This is what I though of doing:
1) Refinance IP and PPOR to draw out 84k.
2) Get an IO loan for existing IP for new loan amount.
3) Get an IO loan for new IP.
4) Get an IO loan for PPOR for new loan amount.
5) Get a line of credit for the PPOR and park my 30k cash in here.
I was talking with my mortgage broker, and he suggested the NAB package. He is also trying to persuade me towards cross securing with a LOC, and have individual loan sub accounts for all the loans. Is there something in the NAB package where they like CC properties? This is in contrast to my reading that cross securing is bad and should be avoided and that I should be having separate loans for each property.
One question I have is, to draw out equity form my IP and PPOR, does that count as a separate loan for the equity portion? So in fact would I be left with 2 loans each for my existing IP and PPOR(4 loans in total)?
How does my loan structure look? I still think my structure of having separate loans is good, even though I would be paying monthly fees for each separate loan.
There is not reason to refinance to access equity. All you need to do is set up a new split.
Don't listing to the broker if he is suggesting cross collateralising the loans. This will create problems in the future.
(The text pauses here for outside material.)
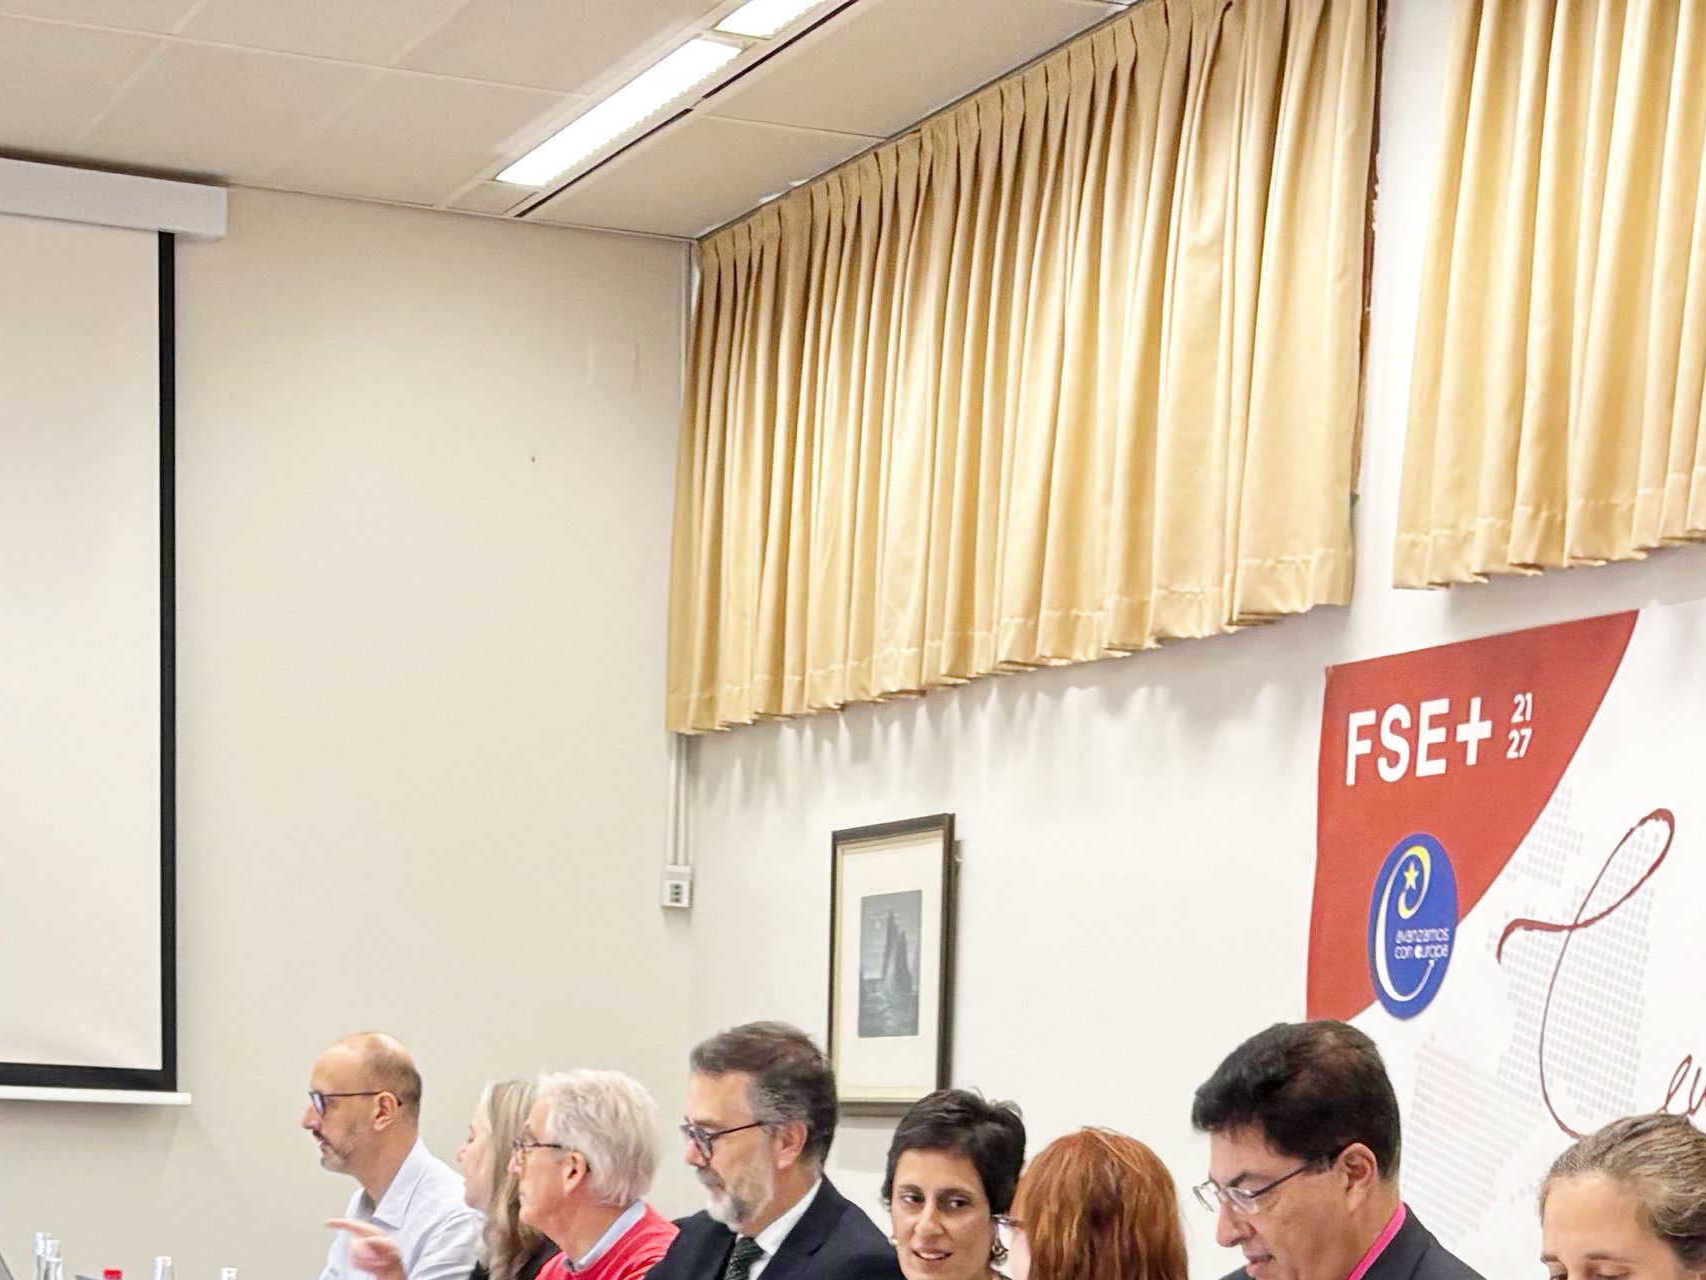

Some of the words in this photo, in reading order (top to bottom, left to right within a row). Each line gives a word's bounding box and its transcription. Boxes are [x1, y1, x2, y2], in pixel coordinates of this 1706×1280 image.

[1511, 692, 1533, 723] 21
[1346, 697, 1493, 786] FSE+
[1506, 728, 1533, 759] 27
What I would do is to put your savings into your PPOR, then set up another split on this loan.
Set up another split on the loan on IP with equity.Take enough money from these to new splits and use as deposit on the new IP and borrow the remainder as a new loan.
Make sure you have a 100% offset account on the PPOR loan and make sure all IP loans are IO
Terryw | Structuring Lawyers Pty Ltd / Loan Structuring Pty Ltd
http://www.Structuring.com.au
Email MeLawyer, Mortgage Broker and Tax Advisor (Sydney based but advising Aust wide) http://www.Structuring.com.au
There are no monthly fees under a NAB choice package.
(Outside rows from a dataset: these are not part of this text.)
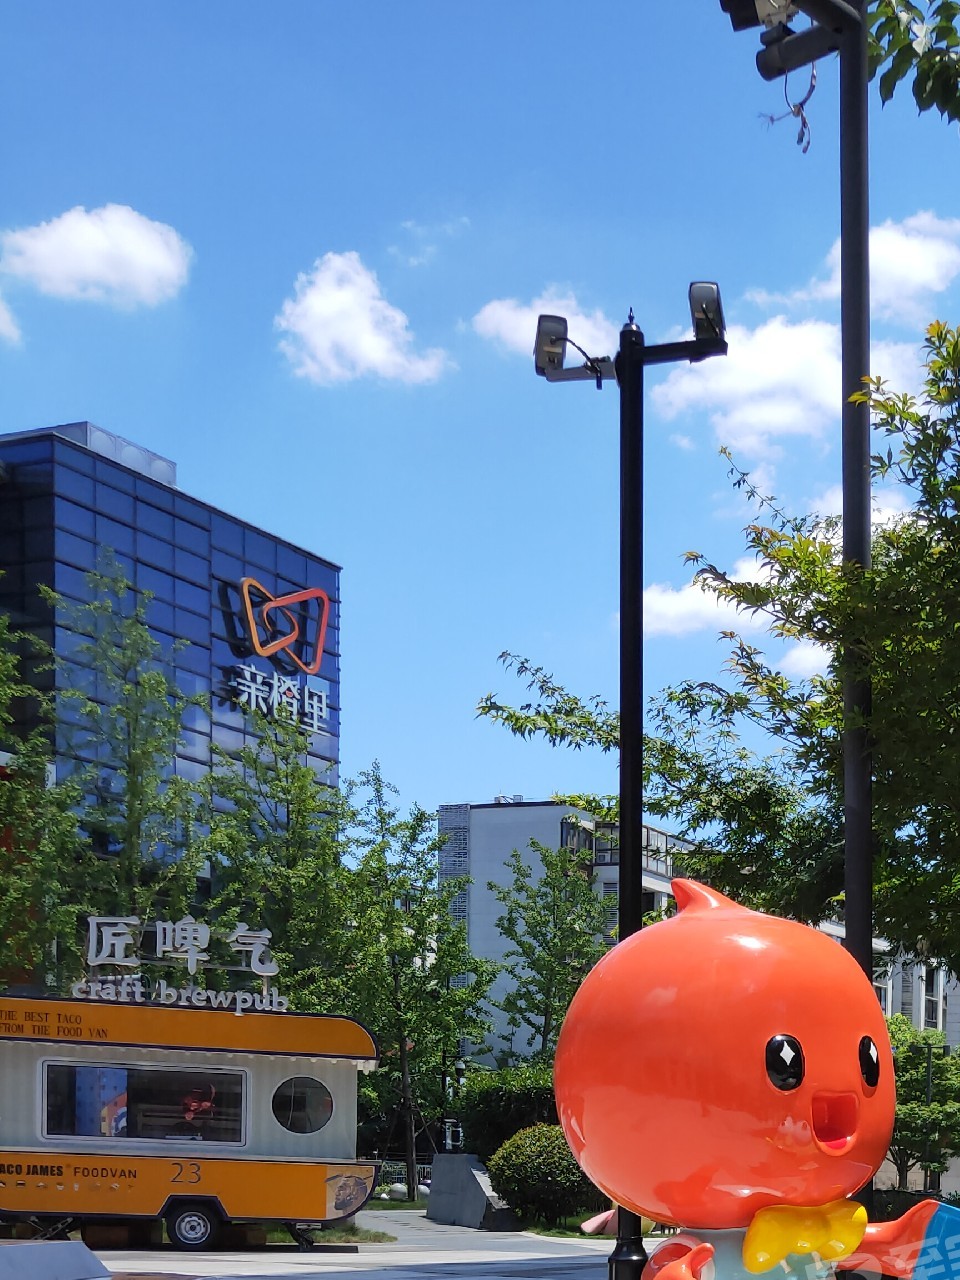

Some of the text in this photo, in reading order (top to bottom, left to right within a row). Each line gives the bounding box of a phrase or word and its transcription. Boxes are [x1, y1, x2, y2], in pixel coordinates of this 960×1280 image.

[229, 663, 331, 736] 亲橙里
[87, 914, 279, 976] 匠啤气
[72, 978, 289, 1016] craft brewpub
[24, 1011, 50, 1023] BEST
[57, 1013, 82, 1025] TACO
[32, 1024, 50, 1036] THE
[57, 1026, 83, 1038] FOOD
[88, 1028, 108, 1039] VAN
[25, 1164, 64, 1177] JAMES
[73, 1166, 137, 1179] FOODVAN
[170, 1162, 202, 1184] 23
Richard Taylor | Australia's leading private lender
Hi Captian M,
As Richard has mentioned above, the NAB CHoice package has no monthly fees on any amount of eligible loans you have under it. Depending on who you get to 'look after it' the 'official' bank policy is to cross coll all loans – however you do not have to under the Choice package. From what you have had mentioned re sub accounts etc, I think your broker is talking about the NAB Portolio Package instead though, whereby the way it works is you must have all your properties secured together under that facility – it is not an option.. It is essentially a giant LOC with one limit, secured against all your properties, and then you can have sub accounts, fixed and variable, as many offset savings accounts as you like for variable sub accounts, and use them / split them up however you like. You would want to really know what you were doing, and have several properties, and no concerns with cross securing your properties to consider their portfolio package.
Are any of your exisitng loans with the NAB? As already mentioned, unless your existing lender is being uncoperative, you may still be able to access your equity as a seperate loan split without refinancing.Cheers
I agree with Terry,
You shouldn't need to cross collateralise to access the cash and it will really bite you down the track if you want to sell on of the properties or use the equity the banks can get a bit iffy.
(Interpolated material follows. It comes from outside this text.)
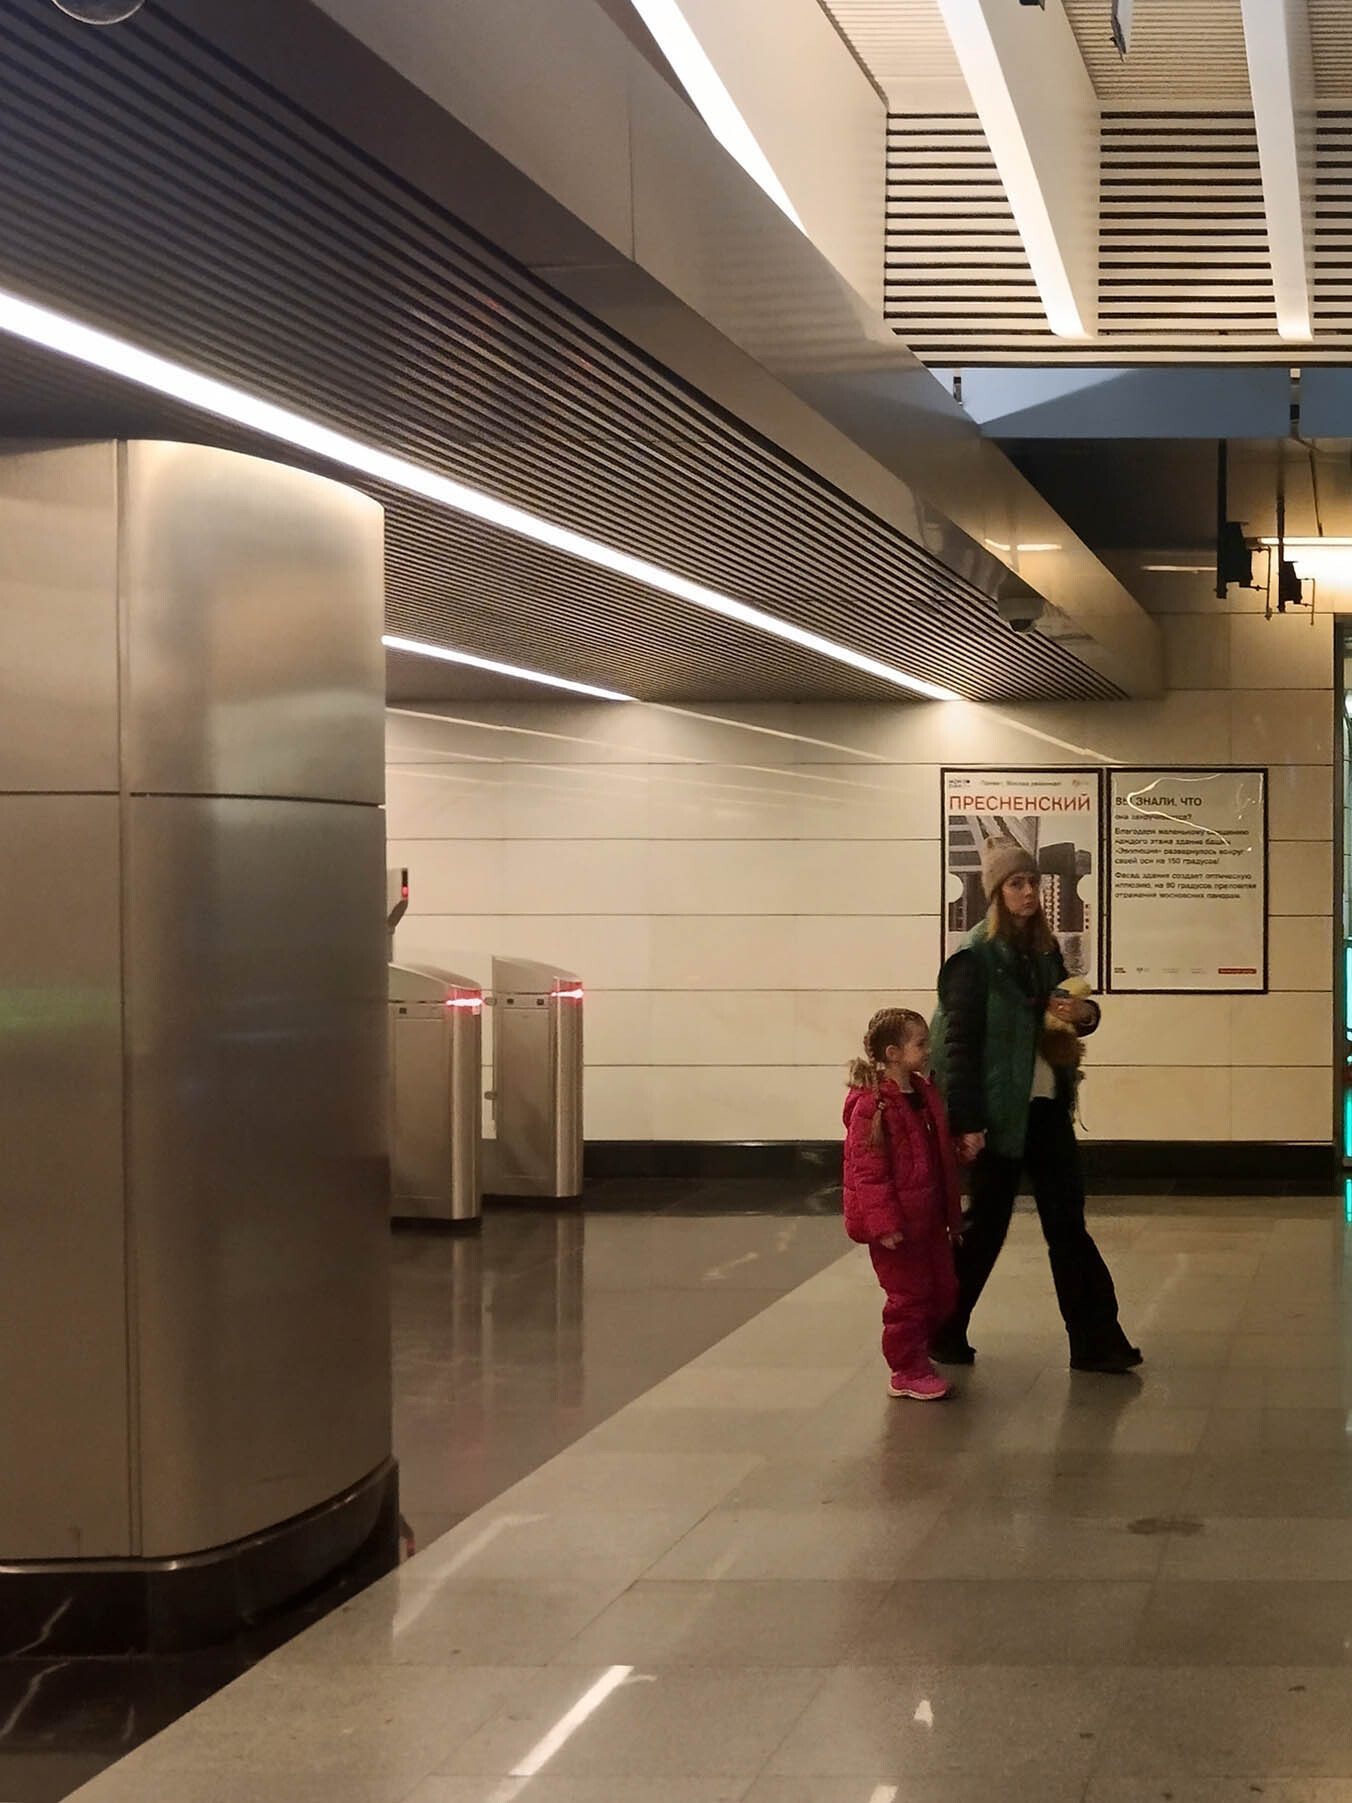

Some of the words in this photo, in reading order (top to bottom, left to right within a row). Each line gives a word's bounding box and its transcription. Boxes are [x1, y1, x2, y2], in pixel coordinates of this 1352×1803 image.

Have you thought of getting another opinion. My mortgage broker very good with structuring and explaining the ramifications of it all.
If you want to have a chat to him just for some advice let me know.
Cheers
DeanMaybe I wasn't clear,
My IPs outstanding loan balance is 230k, and via the broker it got it revalued at 370k and my PPOR has loan balance of 437k and got valued at 560k. So together if I refinance I will have access to equity of about 64k (without paying LMI). I cant set up a split can I, when I don't have access to that equity in my loan accounts yet? With this in mind, does my original structure still hold true?With the NAB package my broker was saying that they charge $10 per month per loan account. So thats why I was interested in the total number of loan accounts. I had a look at the choice package, and no my broker hasnt told me about that. It does look better than the portfolio package.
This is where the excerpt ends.